A Free People’s Suicide

June29

*The Summer Reading Series is designed to equip our growing community with curated book recommendations that can shape faith and sharpen cultural insight.

A Free People’s Suicide | Summer Reading Series
Excerpt from Chapter Four: The Golden Triangle of Freedom

Two things have consistently surprised me in my years in the United States: that the sole American answer to how freedom can be sustained is the Constitution and its separation of powers and that the rest of the founders’ solution is now almost completely ignored.

It was not always so. Historians point out that the modern elevation of the Constitution as the sole foundation and bulwark of American freedom reached its present height in the 1930s. That was no accident. Significantly, it came right on the heels of a general secularization of American law that has led in turn to a general legislation of American life. 

The framers also held that, though the Constitution’s barriers against the abuse of power are indispensable, they were only “parchment barriers” and therefore could never be more than part of the answer.

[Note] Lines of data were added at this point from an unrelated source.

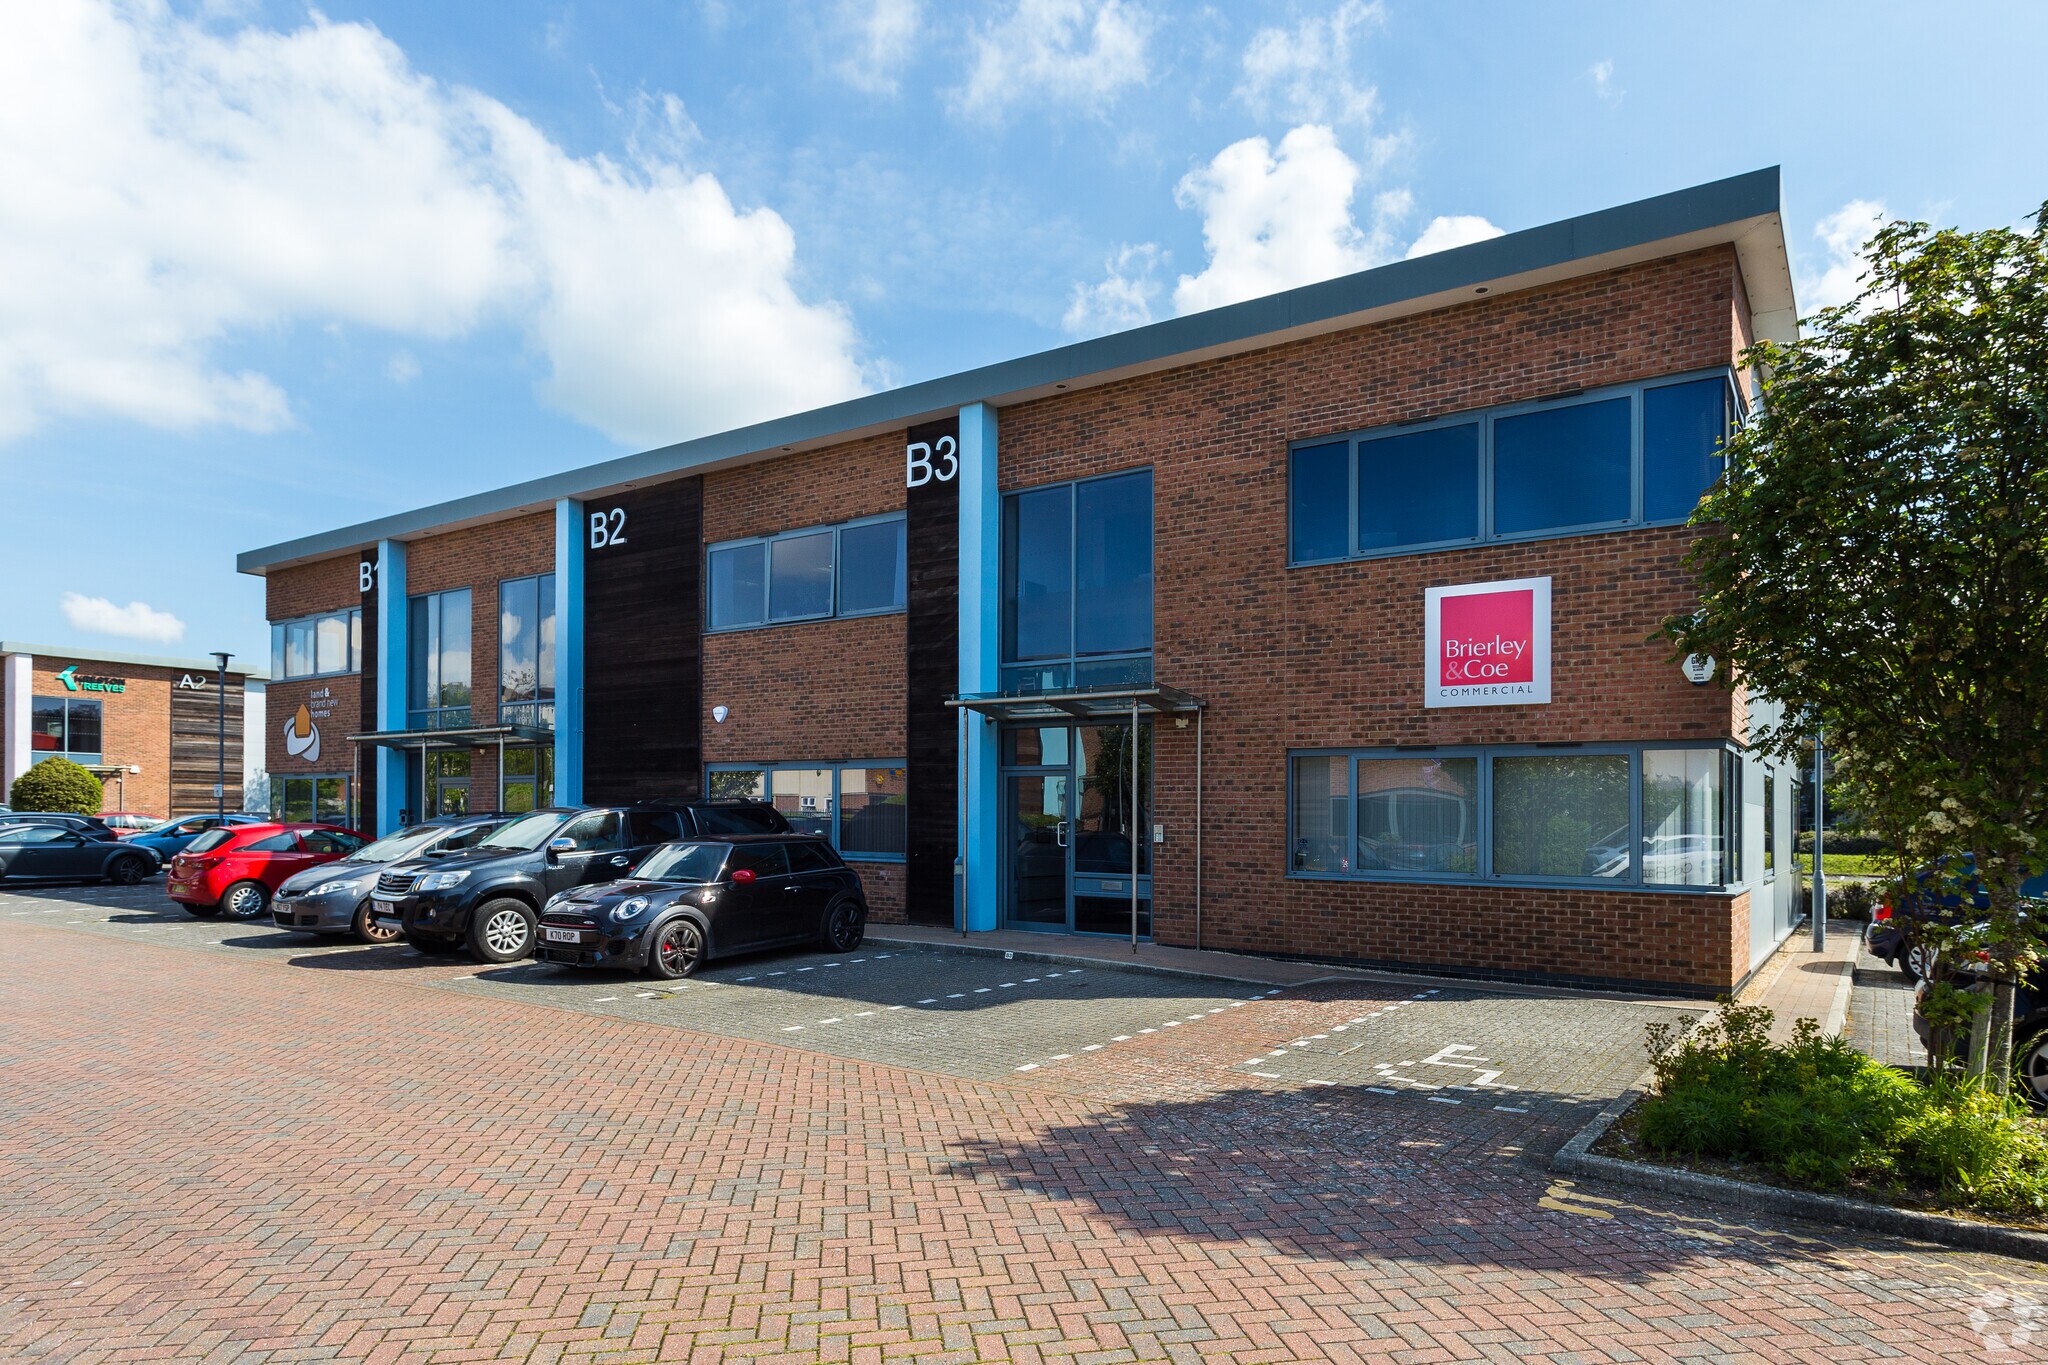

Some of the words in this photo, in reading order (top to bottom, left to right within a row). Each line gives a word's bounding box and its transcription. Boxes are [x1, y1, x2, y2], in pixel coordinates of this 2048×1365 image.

[906, 435, 958, 488] B3
[590, 508, 627, 549] B2
[1446, 635, 1527, 660] Brierley
[179, 674, 206, 689] A2
[83, 682, 126, 693] REEVES
[310, 689, 324, 698] land
[324, 687, 330, 697] &
[1440, 686, 1533, 697] COMMERCIAL
[310, 709, 330, 718] homes
[550, 930, 561, 939] K70
[563, 931, 575, 941] ROP

And in some ways they were the secondary part at that. 

The U.S. Constitution was never meant to be the sole bulwark of freedom, let alone a self-perpetuating machine that would go by itself. The American founders were not, in Joseph de Maistre’s words, “poor men who imagine that nations can be constituted with ink.”

Many educated people who scorn religious fundamentalism are hard at work creating a constitutional fundamentalism, though with lawyers and judges instead of rabbis, priests and pastors. Constitutional and unconstitutional have replaced orthodox and heretical. But unlike the better angels of religious fundamentalism, constitutional fundamentalism has no recourse to a divine spirit to rescue it from power games, casuistry legalism, litigiousness—and, eventually, calcification and death.

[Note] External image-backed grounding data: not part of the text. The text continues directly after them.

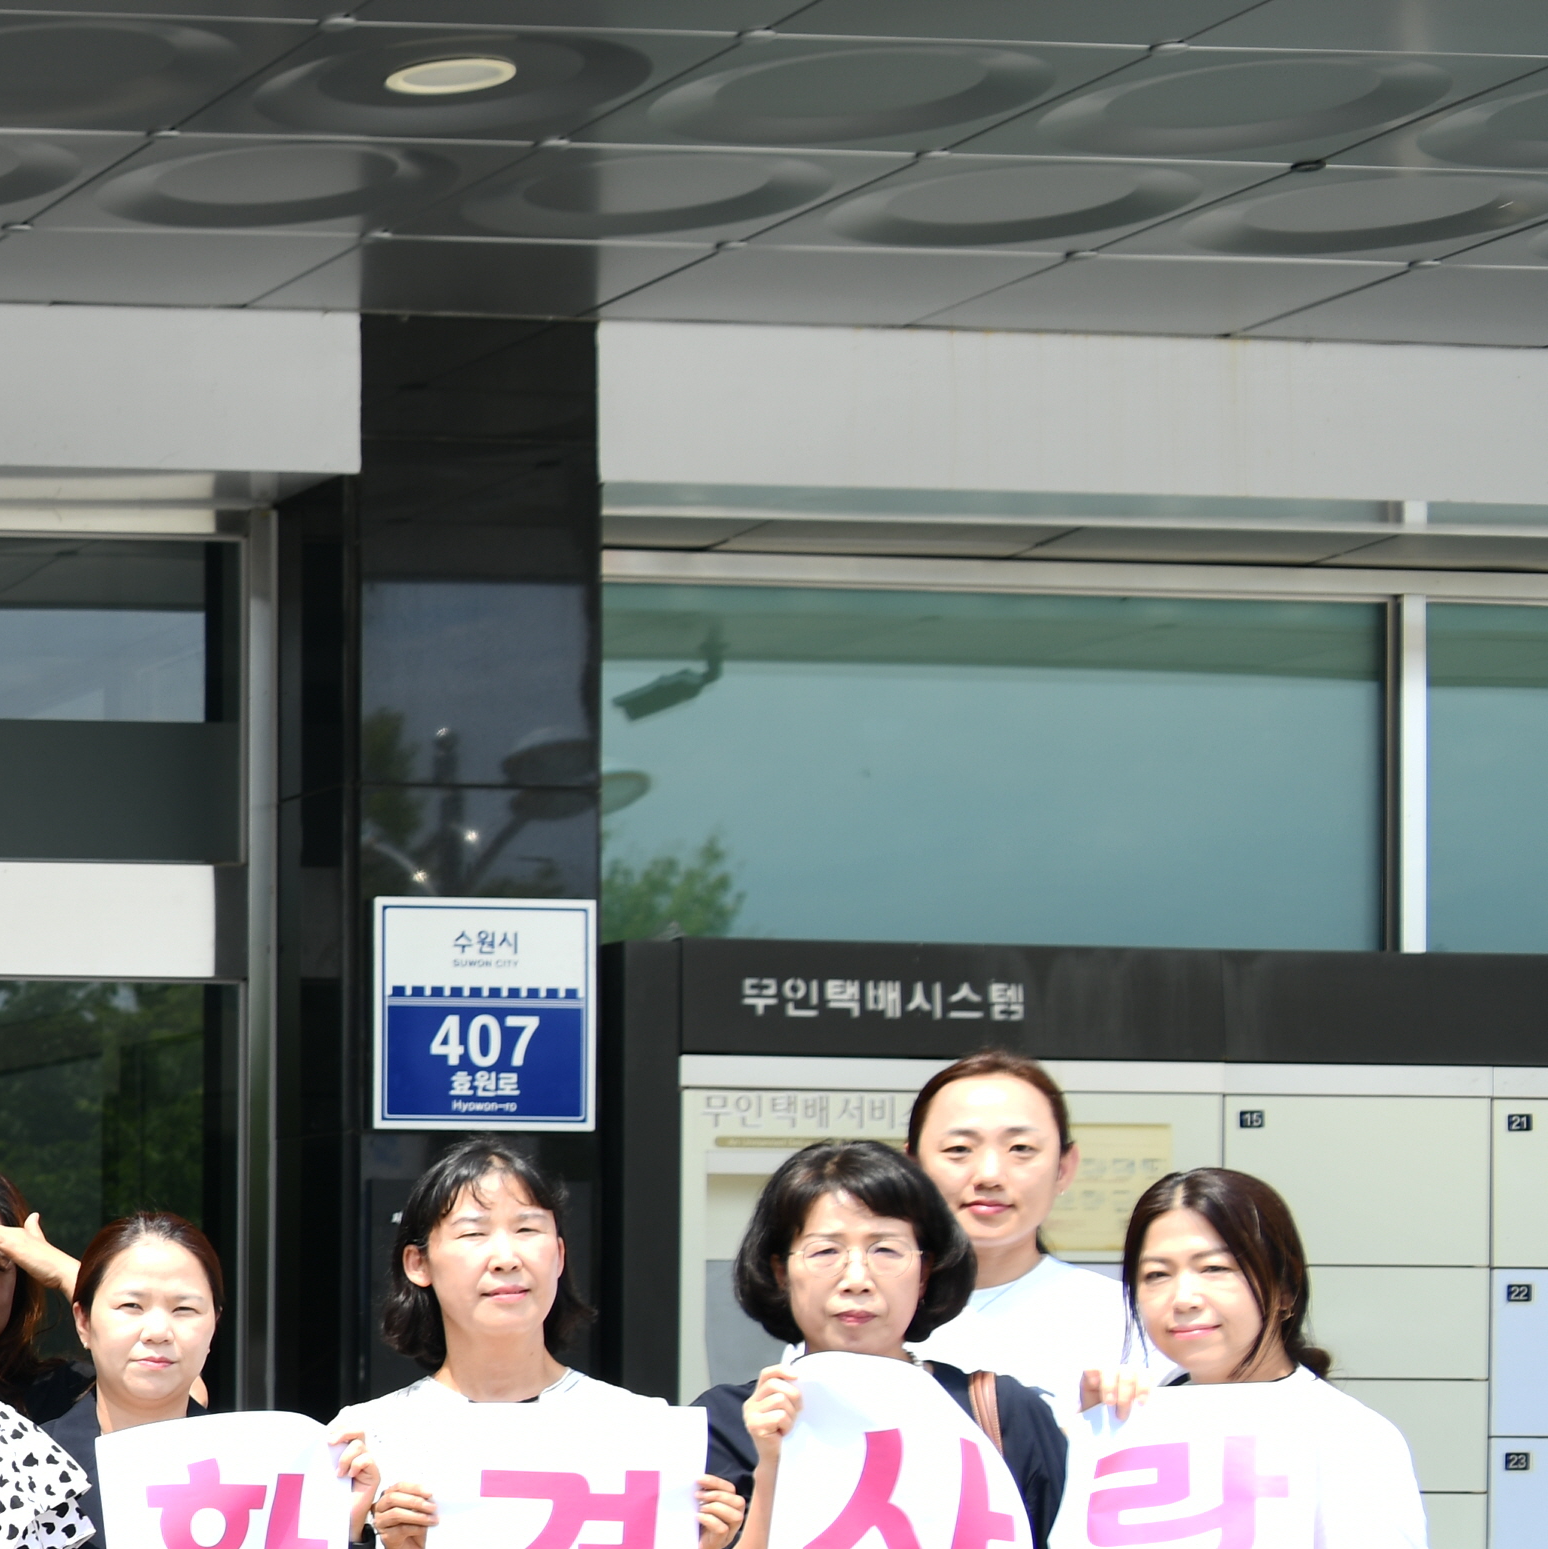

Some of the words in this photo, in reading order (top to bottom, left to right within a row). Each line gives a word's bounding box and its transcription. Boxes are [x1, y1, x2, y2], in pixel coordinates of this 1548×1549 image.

[453, 930, 519, 955] 수원시
[453, 958, 492, 968] SUWON
[496, 958, 519, 968] CITY
[741, 976, 1026, 1023] 무인택배시스템
[429, 1014, 540, 1067] 407
[449, 1070, 521, 1096] 효원로
[452, 1100, 517, 1113] Hyowon-ro
[1242, 1112, 1262, 1127] 15
[1511, 1115, 1528, 1130] 21
[1509, 1285, 1528, 1300] 22
[1508, 1454, 1527, 1469] 23

Sustainable freedom depends on the character of the rulers and the ruled alike, and on the vital trust between them—both of which are far more than a matter of law. The Constitution, which is the foundational law of the land, should be supported and sustained by the faith, character and virtue of the entire citizenry, which comprises its moral constitution, or habits of the heart. 

Together with the Constitution, these habits of the heart are the real, complete and essential bulwark of American liberty. A republic grounded only in a consensus forged of calculation and competing self-interests can never last.

Summer Reading Series
A Free People’s Suicide
Os Guinness
IVP Books, 2012

You can also watch Dr. Guinness present on this topic at Socrates in the City.

Today’s Readings
Joshua 1 (Listen – 3:11)
Psalm 120-122 (Listen – 2:12)

Find devotionals and more reading suggestions on TheParkForum.org.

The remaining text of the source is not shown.